For regulatory contexts, the team would use TreeSHAP or integrated gradients rather than attention. For user-facing explanations, the team accepted the tradeoff: attention-based explanations are more natural ("Because you watched X") than SHAP-based explanations ("Your category affinity score contributed +0.12") and have sufficient directional faithfulness for user trust calibration.
Audit Logging at Scale
The explanation system generates 400 million audit log entries per day — one per recommendation impression. The audit infrastructure uses the following design:
@dataclass
class StreamRecAuditEntry:
"""Compact audit entry for one recommendation explanation.
Designed for high-throughput append-only storage.
Size: ~500 bytes per entry (compressed).
"""
timestamp_ms: int # Unix milliseconds
user_id_hash: str # 16-char hex (truncated SHA-256)
item_id: str
model_version: str
position: int
ranking_score: float
explanation_type: str # "watch_history", "category_match", "trending", "personalized"
explanation_text_hash: str # 16-char hex (not full text, for storage)
shap_top_3: List[Tuple[str, float]] # Top 3 SHAP features
attention_top_2: List[Tuple[str, float]] # Top 2 attended items
computation_time_ms: float
# Storage: Apache Parquet on S3, partitioned by date and region
# Retention: 90 days hot (queryable), 2 years cold (archived)
# Daily volume: ~400M entries x 500 bytes = ~200 GB/day (compressed)
# Monthly cost: ~$3,000 (S3 Standard) + ~$500 (cold archive)

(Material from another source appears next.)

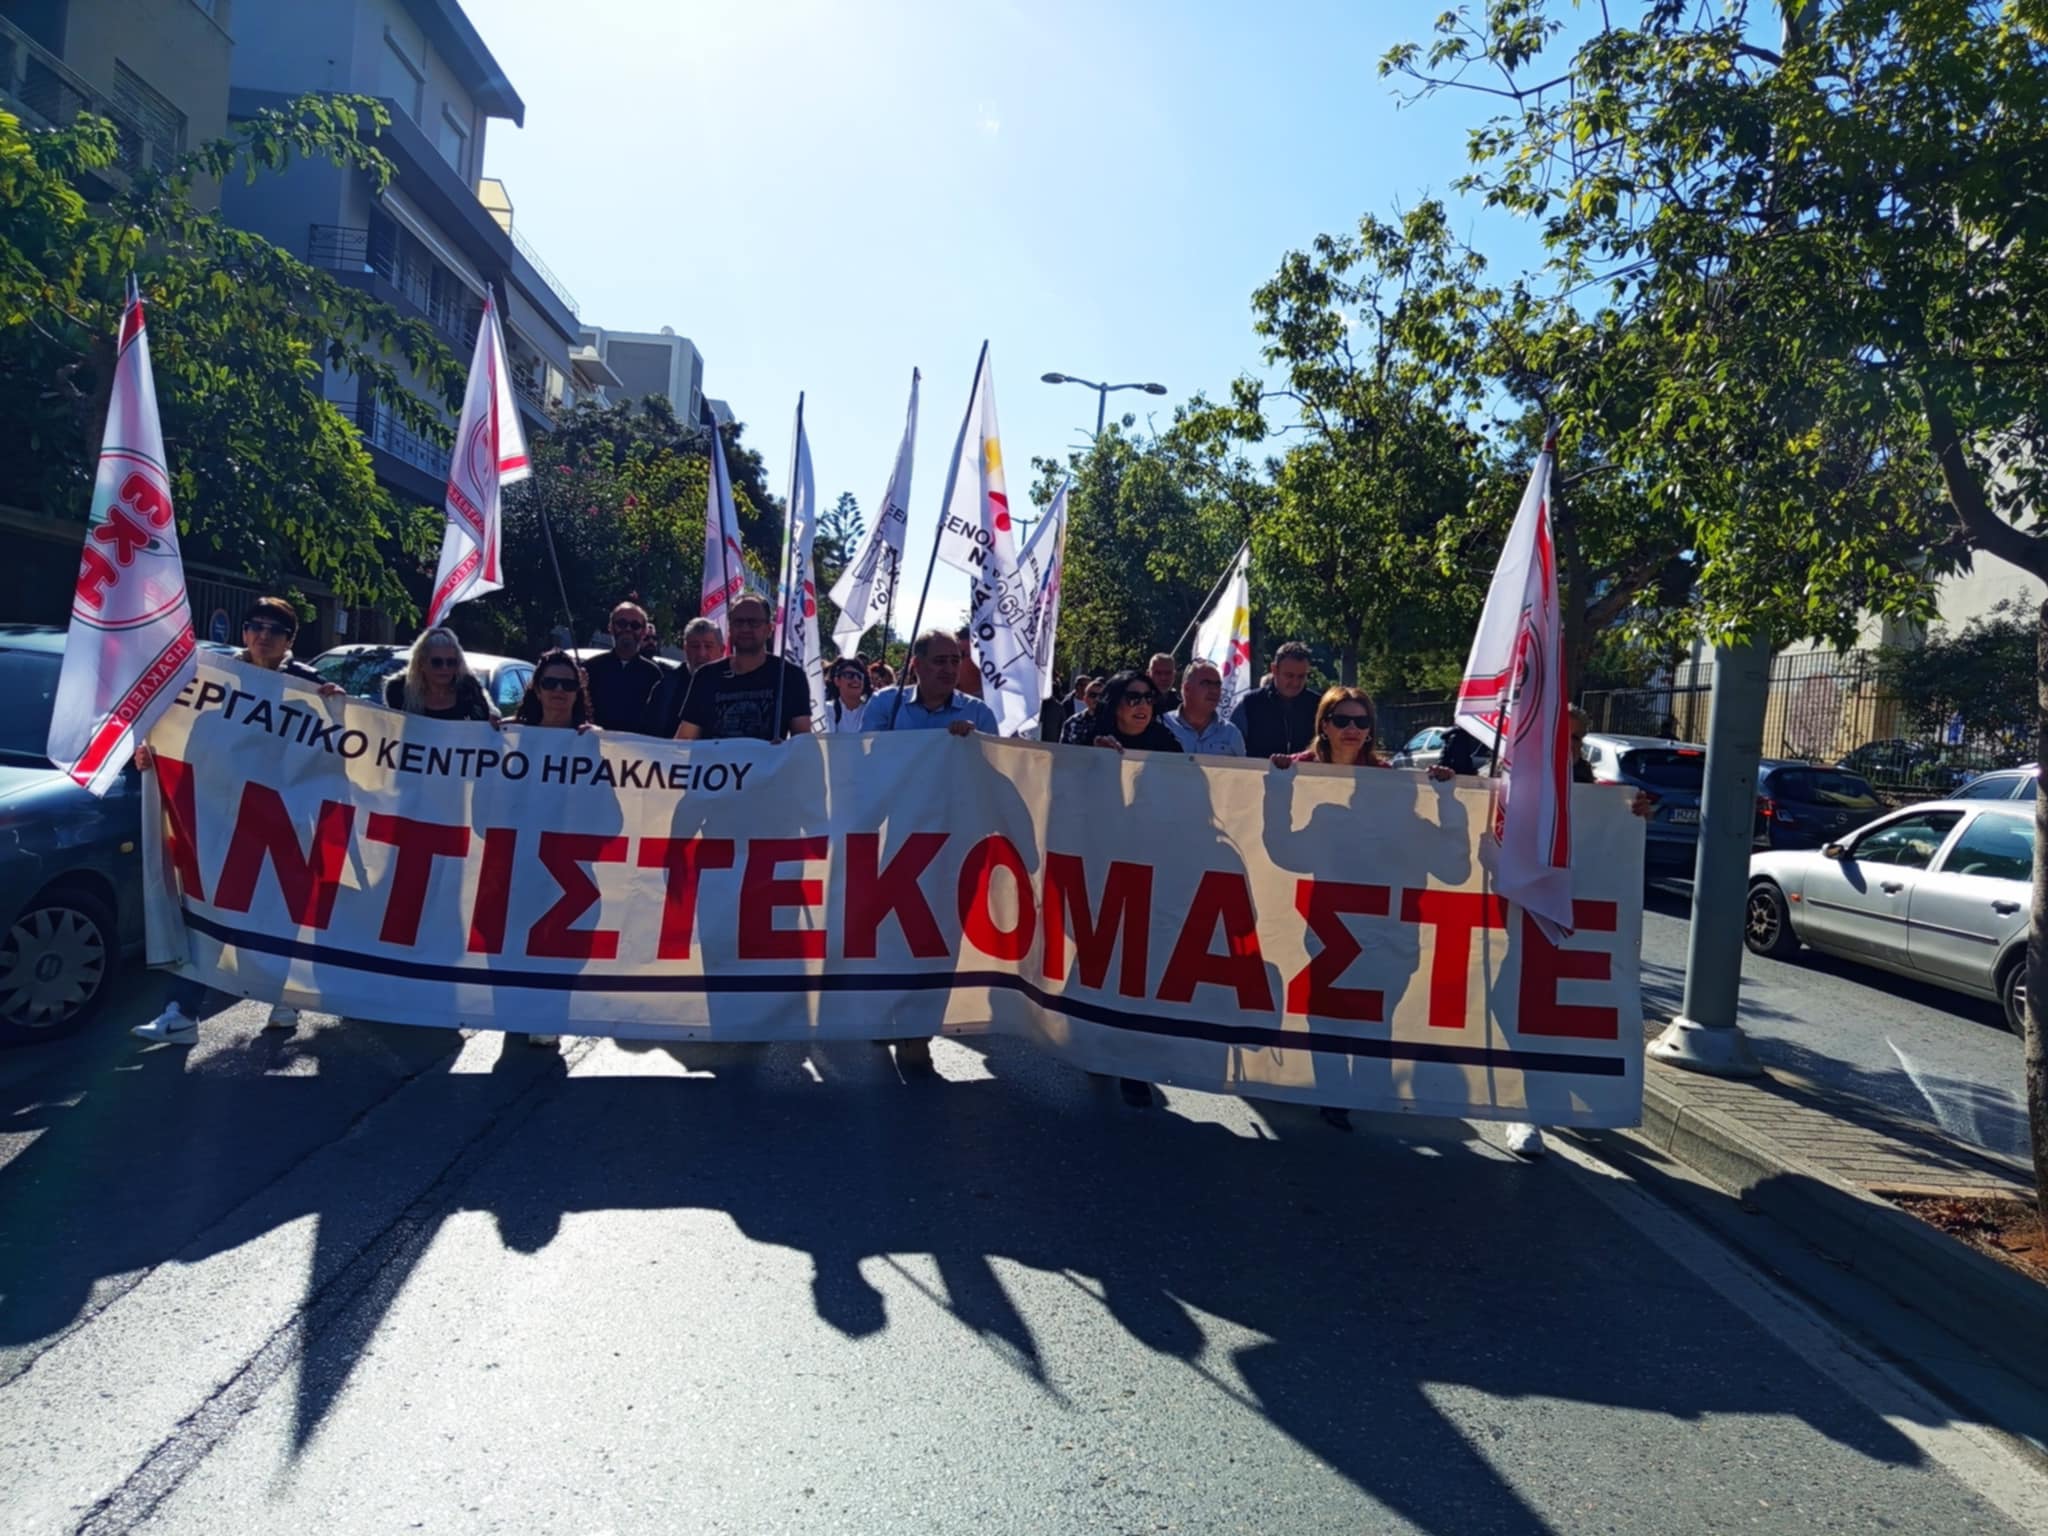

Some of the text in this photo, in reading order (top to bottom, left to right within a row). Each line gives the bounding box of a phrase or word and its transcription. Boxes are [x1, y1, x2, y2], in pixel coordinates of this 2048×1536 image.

The storage cost — approximately $3,500 per month for the full audit trail — is modest relative to the recommendation system's infrastructure budget. The 90-day hot retention enables real-time querying for explanation monitoring (is the distribution of explanation types shifting? Are certain items always explained as "trending" when they are not?), while the 2-year cold archive satisfies potential regulatory requests.
Lessons Learned
-
Users value explanations for trust calibration, not model understanding. No user in the qualitative interviews wanted to understand the model's architecture. They wanted to know whether the recommendation was for them (based on their history) or for everyone (based on popularity). The explanation system's primary value is helping users distinguish personalized from generic recommendations.
-
Attention-based explanations are imperfect but sufficient for user-facing use. The 78.3% faithfulness rate means that roughly 1 in 5 watch-history explanations references items that are not the most important by integrated gradients. For user trust calibration, this is acceptable — the explanation is directionally correct. For regulatory or fairness audit contexts, use SHAP or integrated gradients.
-
Explanation type selection is itself a modeling problem. The heuristic rules (attention threshold > 0.5, category match > 0.6) were tuned by hand based on the A/B test results. A more sophisticated approach would train a classifier to predict which explanation type maximizes user engagement conditional on the recommendation context. The team deferred this to avoid the meta-problem of explaining the explanation selector.
-
Audit logging at recommendation scale is a storage engineering problem. The 400 million daily entries require compact serialization, efficient partitioning, and tiered storage. The decision to log SHAP top-3 and attention top-2 (rather than the full attribution vector) was a pragmatic compromise between audit completeness and storage cost. Full attribution vectors are computed on demand for specific investigations.